Q. How can I found out more?
A. Some technical articles can be found later on this web page. The DataSpace Project develops open source clients and servers to create data webs and additional information can be found on its home page www.dataspaceweb.org. The rest of this web page answers some basic questions about data webs.
Q. What are web services?
A. Web services based upon SOAP and XML are a rapidly maturing infrastructure which can be used for accessing XML-based data. SOAP enables the serialization of XML-data so that it may be transported using TCP or HTTP. SOAP-based services can be described using the Web Services Description Language or WSDL, while the Universal Description, Discovery and Integration (UDDI) provides a simple mechanism for the discovery of web services. SOAP/XML based web services are designed to deal with general XML based data.
Q. What is a data grid?
A. Data grids combine authentication, authorization and access (AAA) controls with resource managers so that arbitrary computations can be done using distributed computational and data resources belonging to a virtual organization. Good examples of data grids are the data grids developed by physicists or astronomers to process the data collected by the collaboration's instruments. Data in data grids is stored in files and transported using GridFTP.

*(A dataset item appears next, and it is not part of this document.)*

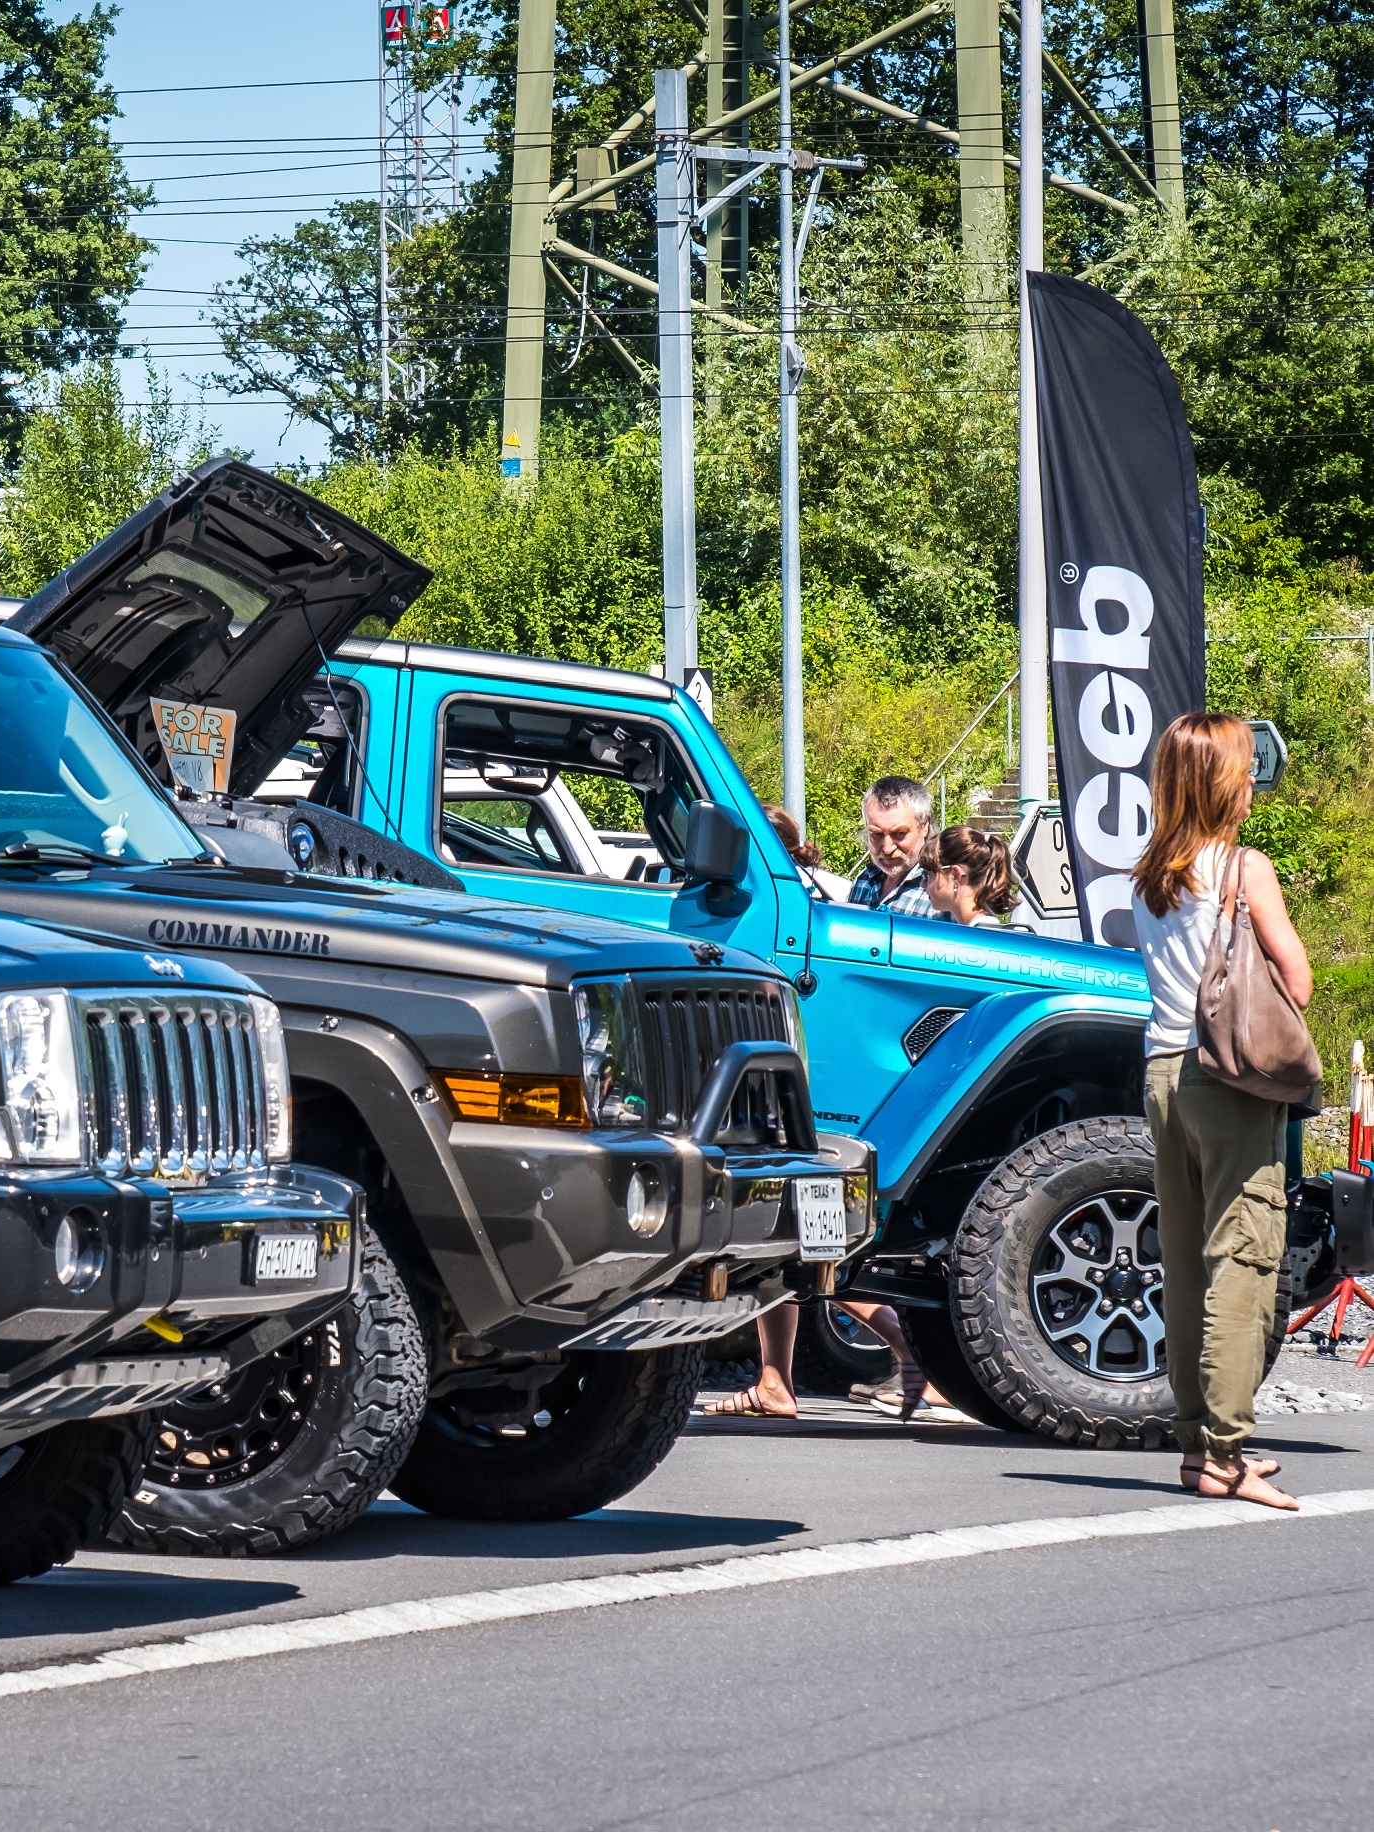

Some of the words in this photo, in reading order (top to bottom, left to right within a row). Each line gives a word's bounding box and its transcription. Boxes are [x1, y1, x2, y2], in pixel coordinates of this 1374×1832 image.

Q. What is a semantic web?
A. The Semantic Web extends the web's HTML infrastructure to include semantic information defined by XML and the Resource Description Framework (RDF). RDF views information as a directed labeled graph and serializes it in XML. Less formally, RDF codes information using subject-verb-object triples. As a very simple hypothetical example, the triple (www.ncar.ucar.edu/ccm/1/1, Temperature, 45.5) is a subject-verb-object triple giving the Temperature for a particular data record specified by the URL. RDF can be used to encode much more complicated assertions about data, metadata and relationships defined from them. The semantic web also supports ontologies so that data taxonomies can be used, which is very important for many data analysis and data mining applications.
Q. I'm confused. Why are there so many distributed infrastructures for working with remote and distributed data?
Working with remote data is more complex than simply browsing remote documents and there are several different philosophies of how to proceed. Roughly speaking, data webs are designed for the exploration and integration of remote and distributed data, just as the web today is designed to browse remote documents. Data grids are designed so that virtual organizations can access specialized distributed computational and data resources. The semantic web is designed to enable working with knowledge defined using W3C's RDF and related standards. From another point of view, data webs are designed to work with distributed attribute-based data, while data grids are designed to work with remote file-based data.
| View | Mine/Discover | Compute | |
|---|---|---|---|
| Knowledge | Digital Libraries | Knowledge Grids | Semantic Webs |
| Attribute-based data |
OGSA/DAI | Data Webs | Data Grids |
| Files | Persistent Archives | Distributed Data Mining | Grids |
Table 1. Data webs, data grids, and semantic webs can all be used to provide access to remote numerical data. Data webs provide direct access to distributed attribute-based data. Data grids enable large scale resource sharing of computational and data resources. Semantic webs provide knowledge based access to data using ontologies, RDF and agent based architectures.
Q. What is DataSpace?
A. DataSpace is an open source implementation of a data web. Just as the web today enables easy access to remote multimedia documents, a data web enables easy access to remote and distributed data.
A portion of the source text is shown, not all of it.